Would you transcribe the line containing "this 1472×1673 image." and every line after it, through the end of the records below, exactly and with nothing else?

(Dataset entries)

━━━━━━

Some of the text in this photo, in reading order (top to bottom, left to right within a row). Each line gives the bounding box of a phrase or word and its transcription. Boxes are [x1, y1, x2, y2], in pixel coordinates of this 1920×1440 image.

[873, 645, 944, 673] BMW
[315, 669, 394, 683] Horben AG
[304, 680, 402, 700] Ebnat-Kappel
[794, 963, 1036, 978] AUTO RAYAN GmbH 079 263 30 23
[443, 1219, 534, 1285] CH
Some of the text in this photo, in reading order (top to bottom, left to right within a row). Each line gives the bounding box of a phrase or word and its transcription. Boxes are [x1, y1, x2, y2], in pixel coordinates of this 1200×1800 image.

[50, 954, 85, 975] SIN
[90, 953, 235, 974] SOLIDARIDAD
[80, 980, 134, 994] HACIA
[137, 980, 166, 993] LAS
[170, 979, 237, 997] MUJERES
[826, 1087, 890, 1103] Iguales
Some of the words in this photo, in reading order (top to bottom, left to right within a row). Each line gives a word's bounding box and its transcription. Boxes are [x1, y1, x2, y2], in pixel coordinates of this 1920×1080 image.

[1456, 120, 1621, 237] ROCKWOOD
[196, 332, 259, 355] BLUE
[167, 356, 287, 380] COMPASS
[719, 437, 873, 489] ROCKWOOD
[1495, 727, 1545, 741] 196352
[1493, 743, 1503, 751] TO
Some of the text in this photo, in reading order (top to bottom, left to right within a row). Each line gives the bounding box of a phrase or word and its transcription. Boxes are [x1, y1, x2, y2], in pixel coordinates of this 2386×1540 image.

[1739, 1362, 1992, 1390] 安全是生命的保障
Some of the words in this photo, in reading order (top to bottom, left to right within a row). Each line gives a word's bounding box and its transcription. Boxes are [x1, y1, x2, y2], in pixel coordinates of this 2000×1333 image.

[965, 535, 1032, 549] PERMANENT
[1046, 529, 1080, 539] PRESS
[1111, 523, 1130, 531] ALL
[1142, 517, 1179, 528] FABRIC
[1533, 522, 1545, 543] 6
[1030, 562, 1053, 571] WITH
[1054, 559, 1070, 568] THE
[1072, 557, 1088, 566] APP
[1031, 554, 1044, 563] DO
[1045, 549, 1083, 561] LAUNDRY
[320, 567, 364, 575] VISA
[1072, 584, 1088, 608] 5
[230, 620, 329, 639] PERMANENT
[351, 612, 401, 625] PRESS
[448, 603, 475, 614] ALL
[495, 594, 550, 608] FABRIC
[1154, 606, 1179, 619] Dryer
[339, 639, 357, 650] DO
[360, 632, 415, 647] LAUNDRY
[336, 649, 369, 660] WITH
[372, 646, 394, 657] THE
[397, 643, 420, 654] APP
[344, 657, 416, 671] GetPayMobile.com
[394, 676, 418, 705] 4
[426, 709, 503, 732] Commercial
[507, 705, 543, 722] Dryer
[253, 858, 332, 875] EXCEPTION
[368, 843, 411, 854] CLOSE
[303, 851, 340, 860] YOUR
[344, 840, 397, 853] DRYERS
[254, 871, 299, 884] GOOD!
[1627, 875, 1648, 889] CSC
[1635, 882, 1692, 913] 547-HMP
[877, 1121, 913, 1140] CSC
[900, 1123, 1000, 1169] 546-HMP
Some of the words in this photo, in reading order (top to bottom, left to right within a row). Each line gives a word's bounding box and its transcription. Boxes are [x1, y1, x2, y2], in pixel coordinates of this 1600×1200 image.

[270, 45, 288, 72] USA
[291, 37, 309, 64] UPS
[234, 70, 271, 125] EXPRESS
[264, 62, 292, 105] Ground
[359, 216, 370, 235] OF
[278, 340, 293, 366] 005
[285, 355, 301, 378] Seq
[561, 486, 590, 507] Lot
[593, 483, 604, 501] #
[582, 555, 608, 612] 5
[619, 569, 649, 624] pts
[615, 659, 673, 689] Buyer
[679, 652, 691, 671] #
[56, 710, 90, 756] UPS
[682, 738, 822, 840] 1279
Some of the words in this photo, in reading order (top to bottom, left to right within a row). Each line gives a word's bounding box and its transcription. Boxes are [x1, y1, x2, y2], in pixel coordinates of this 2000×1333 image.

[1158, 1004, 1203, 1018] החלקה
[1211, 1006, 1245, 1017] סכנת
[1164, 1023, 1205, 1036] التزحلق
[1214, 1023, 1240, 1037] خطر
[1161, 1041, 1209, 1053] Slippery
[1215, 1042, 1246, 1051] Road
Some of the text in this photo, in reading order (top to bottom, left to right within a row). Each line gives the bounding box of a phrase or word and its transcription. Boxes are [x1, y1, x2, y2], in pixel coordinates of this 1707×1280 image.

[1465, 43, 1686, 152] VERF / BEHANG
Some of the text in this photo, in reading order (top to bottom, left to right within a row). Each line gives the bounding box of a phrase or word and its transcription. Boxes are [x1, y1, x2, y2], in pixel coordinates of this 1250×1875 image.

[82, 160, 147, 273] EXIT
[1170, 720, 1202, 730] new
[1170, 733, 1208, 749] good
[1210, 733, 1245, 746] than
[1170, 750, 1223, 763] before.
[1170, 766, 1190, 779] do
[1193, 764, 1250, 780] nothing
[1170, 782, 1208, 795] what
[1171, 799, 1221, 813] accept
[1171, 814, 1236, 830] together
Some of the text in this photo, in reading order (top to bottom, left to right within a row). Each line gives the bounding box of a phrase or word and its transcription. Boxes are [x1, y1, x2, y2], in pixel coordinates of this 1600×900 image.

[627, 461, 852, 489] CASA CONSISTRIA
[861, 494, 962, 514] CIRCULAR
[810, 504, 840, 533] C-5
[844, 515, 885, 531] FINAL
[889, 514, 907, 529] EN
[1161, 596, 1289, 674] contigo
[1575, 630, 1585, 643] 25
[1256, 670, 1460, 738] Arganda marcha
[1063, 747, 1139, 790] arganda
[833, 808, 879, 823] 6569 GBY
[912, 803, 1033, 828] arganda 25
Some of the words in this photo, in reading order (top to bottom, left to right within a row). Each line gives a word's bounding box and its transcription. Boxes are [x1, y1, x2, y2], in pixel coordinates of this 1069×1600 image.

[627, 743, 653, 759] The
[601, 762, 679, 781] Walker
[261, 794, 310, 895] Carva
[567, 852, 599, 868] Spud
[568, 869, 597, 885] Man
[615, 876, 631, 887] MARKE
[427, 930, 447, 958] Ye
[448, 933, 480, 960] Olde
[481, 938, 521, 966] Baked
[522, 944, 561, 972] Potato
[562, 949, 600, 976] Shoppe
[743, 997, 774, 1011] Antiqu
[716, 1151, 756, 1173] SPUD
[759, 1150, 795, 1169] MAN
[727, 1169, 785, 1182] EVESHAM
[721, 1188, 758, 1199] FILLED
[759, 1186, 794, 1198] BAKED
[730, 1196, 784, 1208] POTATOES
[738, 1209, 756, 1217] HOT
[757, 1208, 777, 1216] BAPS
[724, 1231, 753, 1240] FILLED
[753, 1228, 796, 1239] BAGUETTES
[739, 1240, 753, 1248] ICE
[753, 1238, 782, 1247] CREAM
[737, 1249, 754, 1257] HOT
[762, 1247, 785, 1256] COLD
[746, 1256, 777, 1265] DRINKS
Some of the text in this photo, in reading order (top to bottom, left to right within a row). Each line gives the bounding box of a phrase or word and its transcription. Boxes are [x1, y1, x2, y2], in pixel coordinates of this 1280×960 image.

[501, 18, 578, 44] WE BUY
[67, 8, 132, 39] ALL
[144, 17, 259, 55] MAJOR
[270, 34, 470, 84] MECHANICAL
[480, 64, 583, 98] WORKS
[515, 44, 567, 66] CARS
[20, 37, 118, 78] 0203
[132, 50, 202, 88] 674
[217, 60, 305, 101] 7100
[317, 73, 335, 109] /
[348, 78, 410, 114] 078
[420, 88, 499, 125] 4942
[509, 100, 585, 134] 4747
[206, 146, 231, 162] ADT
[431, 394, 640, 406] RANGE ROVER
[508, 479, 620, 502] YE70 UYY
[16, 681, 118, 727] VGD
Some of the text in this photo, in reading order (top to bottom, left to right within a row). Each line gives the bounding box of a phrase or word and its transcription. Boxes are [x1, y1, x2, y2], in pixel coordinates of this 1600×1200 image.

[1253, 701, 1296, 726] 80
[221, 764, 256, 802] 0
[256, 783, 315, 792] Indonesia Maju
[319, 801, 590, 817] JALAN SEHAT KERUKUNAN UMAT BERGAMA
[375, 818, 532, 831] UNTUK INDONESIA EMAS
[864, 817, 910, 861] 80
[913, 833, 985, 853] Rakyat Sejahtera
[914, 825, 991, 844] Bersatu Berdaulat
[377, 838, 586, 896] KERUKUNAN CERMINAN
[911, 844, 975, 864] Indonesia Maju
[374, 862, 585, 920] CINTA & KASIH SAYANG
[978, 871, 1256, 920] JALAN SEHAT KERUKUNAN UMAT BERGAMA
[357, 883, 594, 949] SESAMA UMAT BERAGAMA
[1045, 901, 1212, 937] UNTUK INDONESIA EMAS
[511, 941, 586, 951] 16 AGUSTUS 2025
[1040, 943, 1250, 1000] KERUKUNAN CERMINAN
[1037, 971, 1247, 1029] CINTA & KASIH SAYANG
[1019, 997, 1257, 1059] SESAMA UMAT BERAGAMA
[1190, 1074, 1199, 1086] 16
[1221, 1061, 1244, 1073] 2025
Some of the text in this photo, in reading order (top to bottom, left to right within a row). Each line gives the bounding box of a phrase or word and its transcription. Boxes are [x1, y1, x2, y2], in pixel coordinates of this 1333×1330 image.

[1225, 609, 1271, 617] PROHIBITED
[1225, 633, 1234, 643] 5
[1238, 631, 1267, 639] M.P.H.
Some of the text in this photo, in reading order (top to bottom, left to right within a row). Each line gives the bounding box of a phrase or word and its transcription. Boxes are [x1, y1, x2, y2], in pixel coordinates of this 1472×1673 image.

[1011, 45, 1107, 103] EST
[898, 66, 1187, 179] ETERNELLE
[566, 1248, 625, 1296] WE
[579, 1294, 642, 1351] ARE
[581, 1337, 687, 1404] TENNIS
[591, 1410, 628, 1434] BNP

━━━━━━

*Solution for this task:*
Some of the text in this photo, in reading order (top to bottom, left to right within a row). Each line gives the bounding box of a phrase or word and its transcription. Boxes are [x1, y1, x2, y2], in pixel coordinates of this 1472×1673 image.

[1011, 45, 1107, 103] EST
[898, 66, 1187, 179] ETERNELLE
[566, 1248, 625, 1296] WE
[579, 1294, 642, 1351] ARE
[581, 1337, 687, 1404] TENNIS
[591, 1410, 628, 1434] BNP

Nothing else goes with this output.